Emanuel Gat's “Lovetrain2020” set to music by Tears for Fears
Emanuel Gat Dance: “Lovetrain2020”
Brooklyn Academy of Music, Brooklyn, December 1, 2022
What is it about Emanuel Gat’s “Lovetrain2020” that is so captivating? The piece, which came to the Brooklyn Academy of Music this week, is set to songs by the emo-electronica band Tears for Fears, and that is certainly part of its charm, at least for members of my generation (Generation X), which, let’s face it, constitutes a significant portion of BAM’s audience. But it’s hardly one of those jukebox medleys that basks in the beats of a previous era. Nostalgia is part, but not all, of the story.
Really, the evening draws its strength from a combinations of elements that add up to a kind of elation, though the feeling does ebb and flow as the evening goes on. First and foremost, there are the fabulous costumes by Thomas Bradley, who is also a dancer in the France-based company Emanuel Gat Dance. Fantastical constructions of layered texture and colors, they add volume and whimsy to the dance, and contribute to the sense one has at times of peering into a painting by Velázquez or Caravaggio.
And speaking of Caravaggio, there is the lighting, designed by Emanuel Gat, whose shifting intensity and focus lends drama and contour to the action (again, as in a painting). There are Gat’s dancers, all interesting to watch, unique, at times feral and strange, at others touchingly human. And yes, the booming, keening vocals of Tears for Fears’ Roland Orzabal and Curt Smith, couched in the industrial, synth-heavy sound the band was famous for. A perfect soundtrack for the solitary reflections of gloomy teenagers. At times, one can’t help losing oneself in the music’s voluptuous, solipsistic groove. (There was a lot of head bobbing at BAM.)

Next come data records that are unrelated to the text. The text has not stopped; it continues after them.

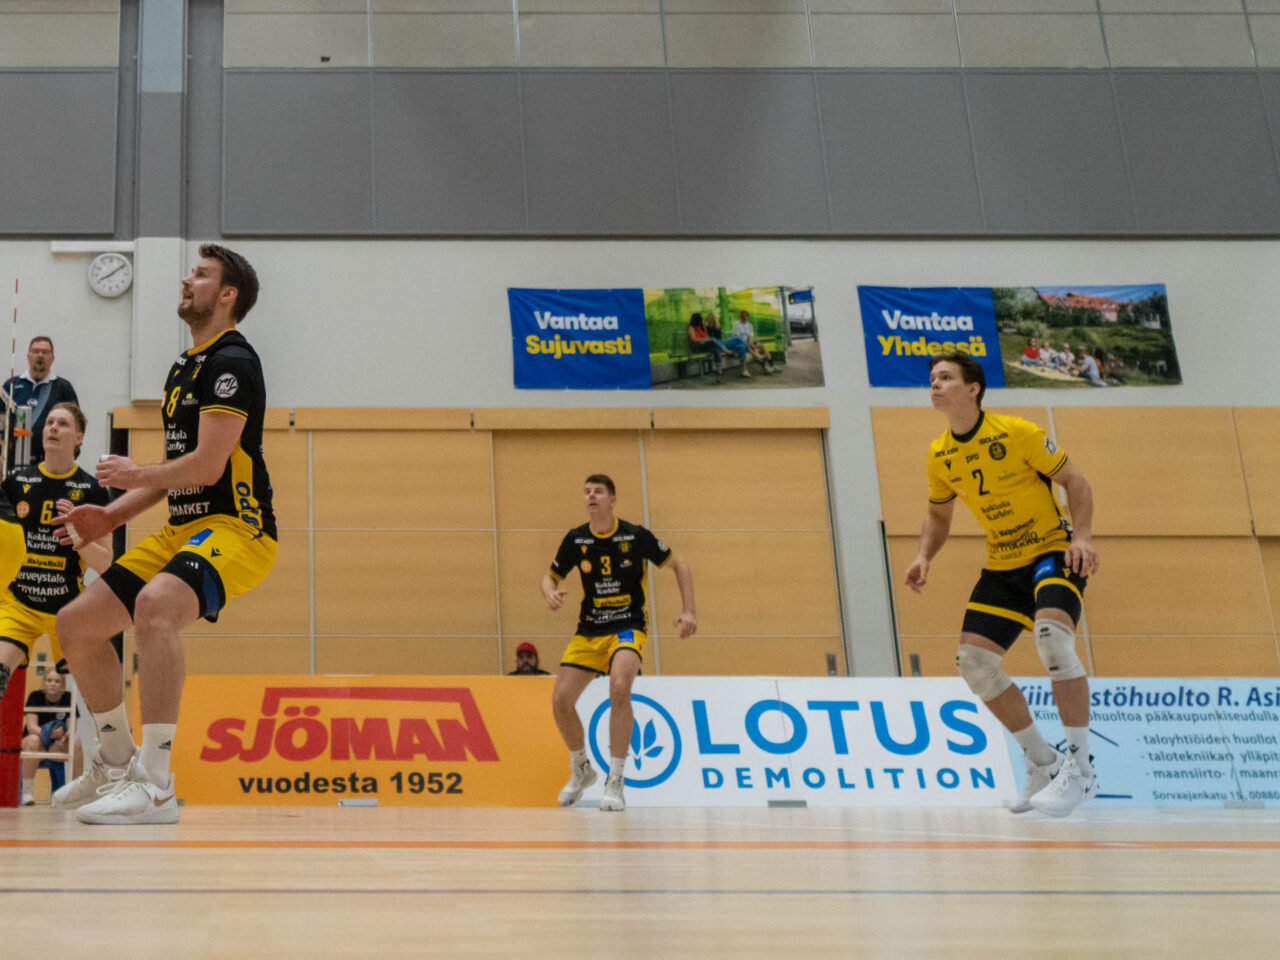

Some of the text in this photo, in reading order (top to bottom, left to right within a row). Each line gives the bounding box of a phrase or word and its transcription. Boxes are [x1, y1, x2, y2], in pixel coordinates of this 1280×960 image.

[534, 311, 619, 330] Vantaa
[882, 310, 974, 331] Vantaa
[525, 334, 632, 359] Sujuvasti
[877, 335, 987, 357] Yhdessä
[167, 386, 181, 418] 8
[972, 469, 989, 496] 2
[40, 500, 54, 524] 6
[600, 556, 611, 575] 3
[17, 571, 65, 584] erveystalo
[1218, 687, 1239, 707] R.
[1246, 687, 1280, 707] Asi
[200, 687, 501, 763] SJÖMAN
[692, 699, 988, 756] LOTUS
[1145, 711, 1279, 724] pääkaupunkiseudulla
[1143, 734, 1277, 747] taloyhtiöiden huollot
[1148, 751, 1280, 764] talotekniikan ylläpit
[238, 772, 464, 794] vuodesta 1952
[702, 767, 996, 789] DEMOLITION

What haven’t I mentioned? Ah yes, the choreography. This is not a comment on its effectiveness, for despite the fact that it often feels like a continuous stream of improvisation, it works well with the other elements. The dance is described as being “created with and performed by” the dancers, and that’s exactly the way it looks. It is not difficult to imagine the dancers working alone and in small groups (there is very little partnering), to develop a vocabulary that suits each of their bodies, and that can then be transferred to others. It consists, for the most part, of moves that are pedestrian, though by no means easy to execute: jagged slashing for the arms and legs, lunges that look like they could pull the body in half and dissolve knees, running, buckling, sliding, shaking, and in one witty moment, a hula-like undulation of the hips.
In one section, the dancers balance on one leg, in variations of yoga poses, and in another they gesture toward each other like the figures in Jacques Louis David’s The Death of Socrates. One man skitters across the stage, holding up the edges of his long skirt like a Tudor lady-in-waiting rushing to assist his Queen, only to slide on the floor, aided by the skirt’s silky surface. Then he sashays off, into one of a series of doorways or portals that line the rear of the stage, behind which we see figures in profile, walking along a fog-filled corridor. Where are they going? What are they talking about?
None of the movement reflects what is being sung, really, nor does it exactly replicate the rhythm of the songs, though everything the dancers do appears to respond in some way to the atmosphere and dynamics of the music. It is as if the whole dance were taking place on another plane, a room in outer space where rhythm and coordination follow different rules. This keeps the goings-on from becoming banal.
More interesting are the dancers themselves, and the way they fill the movement and interactions with their personalities. Having never seen the company before, I can’t name the dancers, but several of them stand out, including a tall, rangy blonde in a yellow dress, in the “I Believe” section, who crouches and runs like a crazed animal, and then stands at the lip of the stage, looking vulnerable (but not mawkish) and holding out her hands to the audience. (Shades of Pina Bausch, without the self-congratulatory irony.) A man in a sequined dress who joins her lowers himself to the floor and worships at her feet. You can see why a person might want to do that.
Robert Bridger, with his rear end exposed (his skirt only covers the front of his body), does an ecstatic dance, mouth open, twitching, rocking, stretching to “Mad World.” His state of bliss translates so well that you feel yourself dancing alongside him.
Admittedly, some passages, particularly the ones that happen in silence, begin to feel protracted. And there are times when the dance looks too much like an improvisation exercise. But by the end, something has happened.
The dance begins with a sense of isolation. The dancers share the stage, but seem almost unaware of each other. But gradually, that disconnect dissolves. “Lovetrain2020” was created and first performed at the height of the pandemic, and Gat likely saw it as an antidote to the feelings of isolation it caused. Over the course of the piece, the invisible partitions between the dancers melt away. By the finale, set to “Sowing the Seeds of Love,” the people onstage have become a group, or rather a conglomeration of groups. Dancers move together and apart, mirroring, imitating, responding to one another. Smaller alliances form and dissolve. And as this happens, and the faces of the dancers open up, the audience finds itself drawn into their hazy, eccentric, jagged euphoria.